─── Information supplied
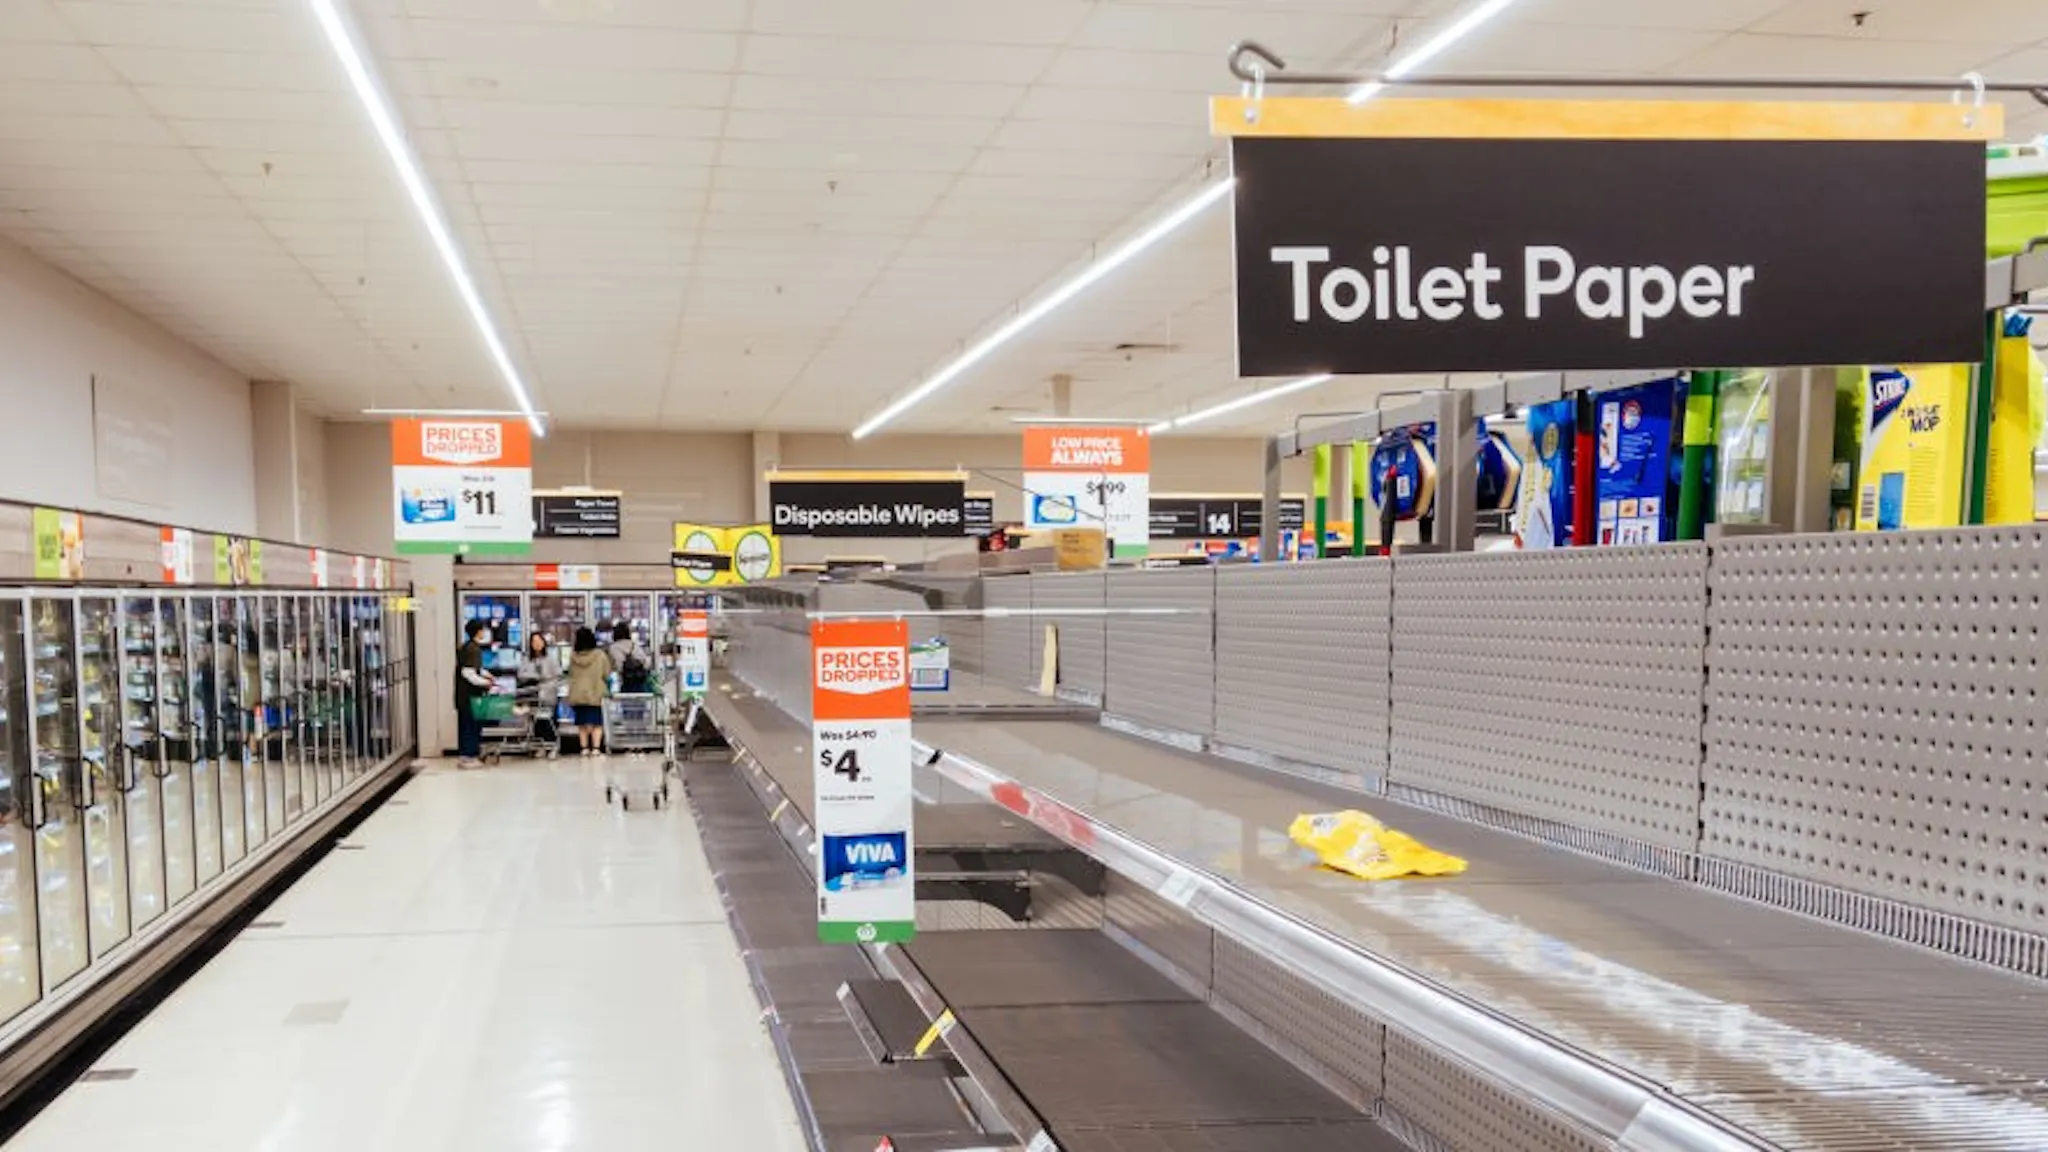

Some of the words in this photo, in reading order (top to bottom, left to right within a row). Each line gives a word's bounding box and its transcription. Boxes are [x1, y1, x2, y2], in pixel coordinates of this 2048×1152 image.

[1271, 246, 1503, 322] Toilet
[1525, 246, 1755, 338] Paper
[426, 427, 497, 441] PRICES
[1052, 437, 1082, 447] LOW
[426, 443, 497, 455] DROPPED
[1051, 450, 1123, 466] ALWAYS
[461, 489, 496, 515] $11
[775, 504, 891, 529] Disposable
[894, 504, 960, 528] Wipes
[1207, 513, 1231, 534] 14
[822, 652, 899, 668] PRICES
[822, 670, 900, 682] DROPPED
[820, 731, 844, 740] Was
[820, 748, 861, 782] $4
[845, 842, 896, 865] VIVA
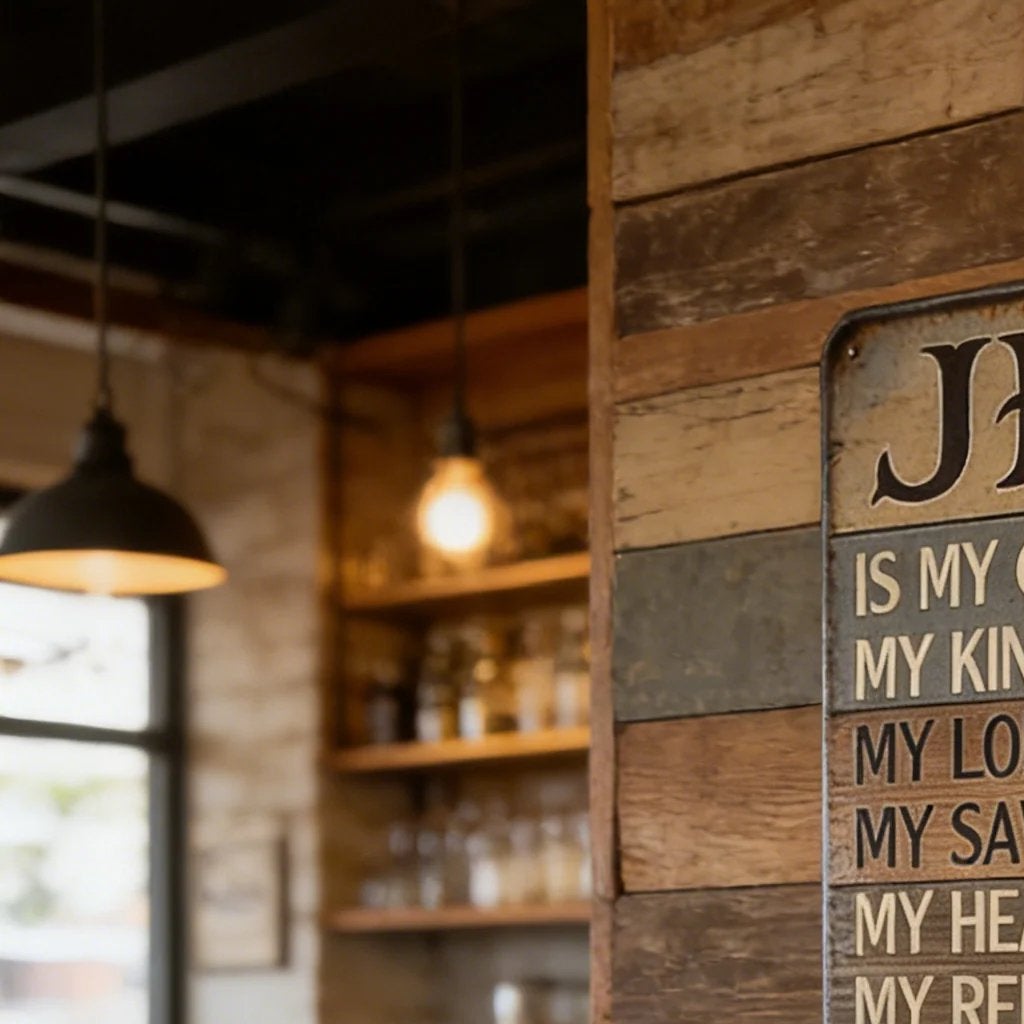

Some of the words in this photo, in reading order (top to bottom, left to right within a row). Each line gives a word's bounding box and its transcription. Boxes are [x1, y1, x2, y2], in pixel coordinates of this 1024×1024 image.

[855, 551, 901, 616] IS
[920, 539, 999, 610] MY
[855, 633, 935, 700] MY
[856, 719, 935, 785] MY
[856, 804, 934, 868] MY
[855, 890, 934, 956] MY
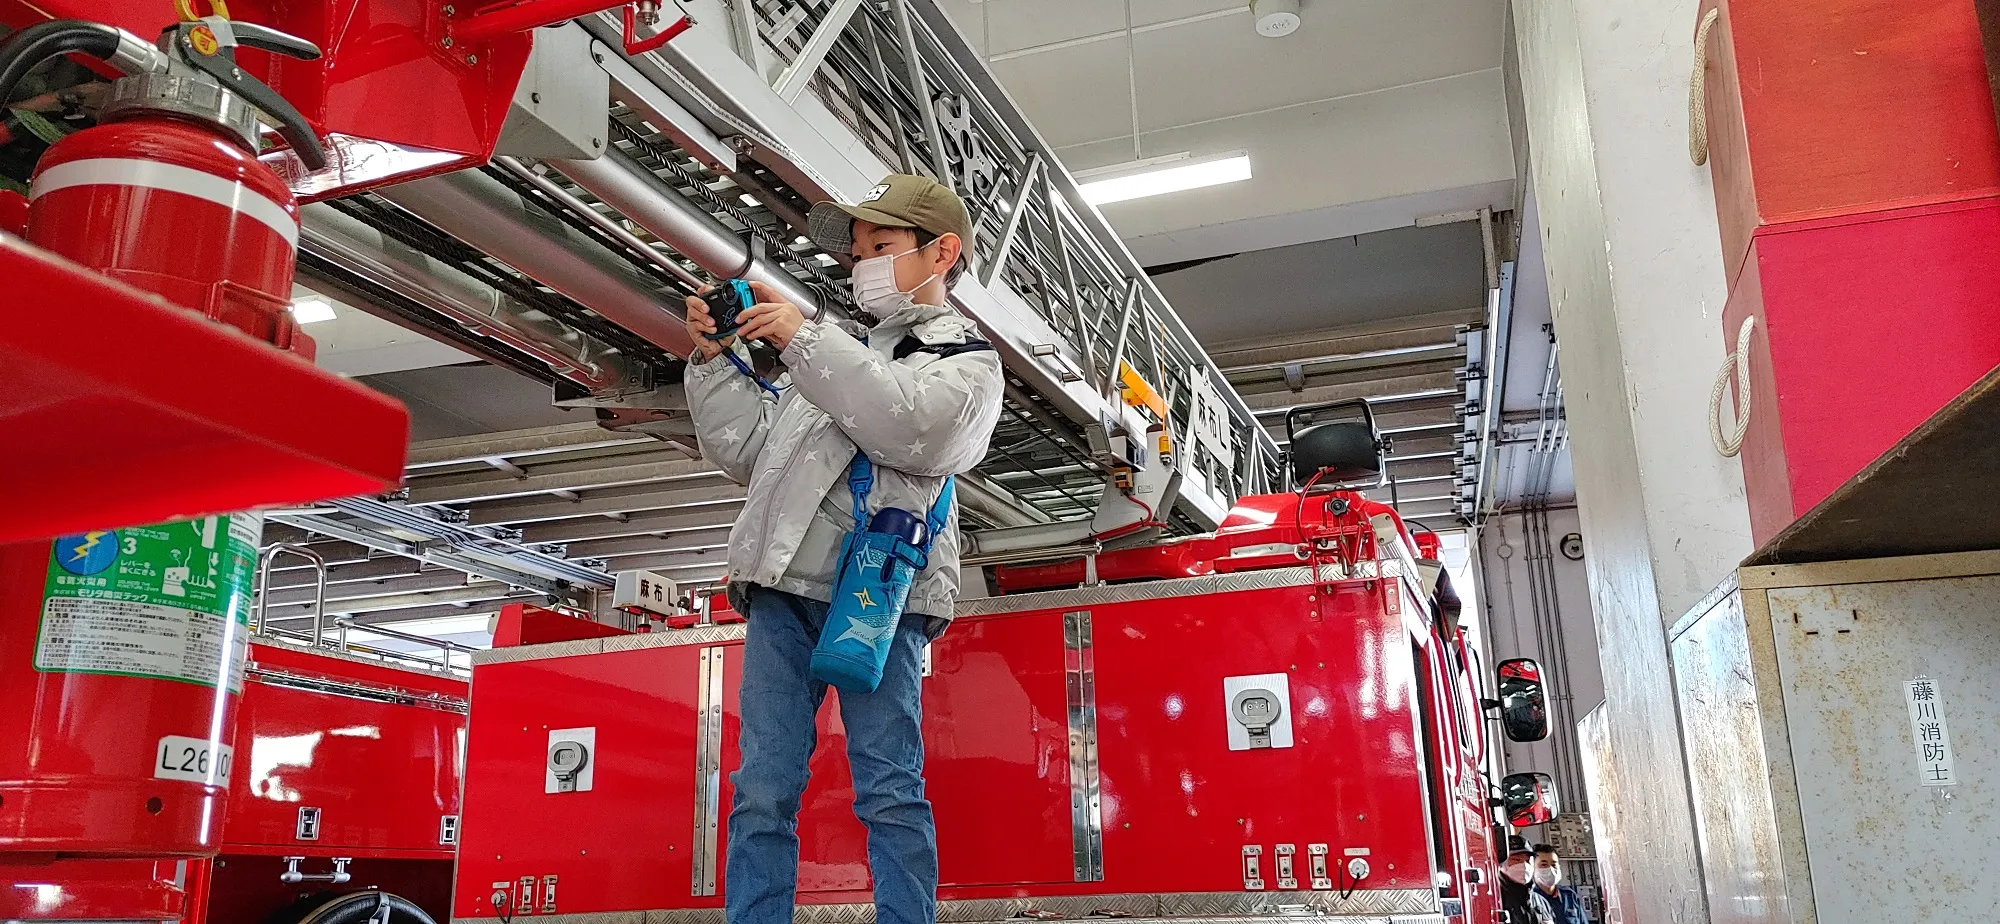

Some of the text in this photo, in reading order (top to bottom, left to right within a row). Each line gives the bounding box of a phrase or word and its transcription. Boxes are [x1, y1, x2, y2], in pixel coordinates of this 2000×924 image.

[122, 537, 137, 555] 3
[120, 559, 151, 568] レバーを
[1911, 681, 1949, 781] 藤川消防士
──────
■ Task instructions ■
Could you print the lines above, exactly as written, from the line containing "Some of the text" through the final one?

■ Response to this exercise ■
Some of the text in this photo, in reading order (top to bottom, left to right within a row). Each line gives the bounding box of a phrase or word and its transcription. Boxes are [x1, y1, x2, y2], in pixel coordinates of this 2000×924 image.

[122, 537, 137, 555] 3
[120, 559, 151, 568] レバーを
[1911, 681, 1949, 781] 藤川消防士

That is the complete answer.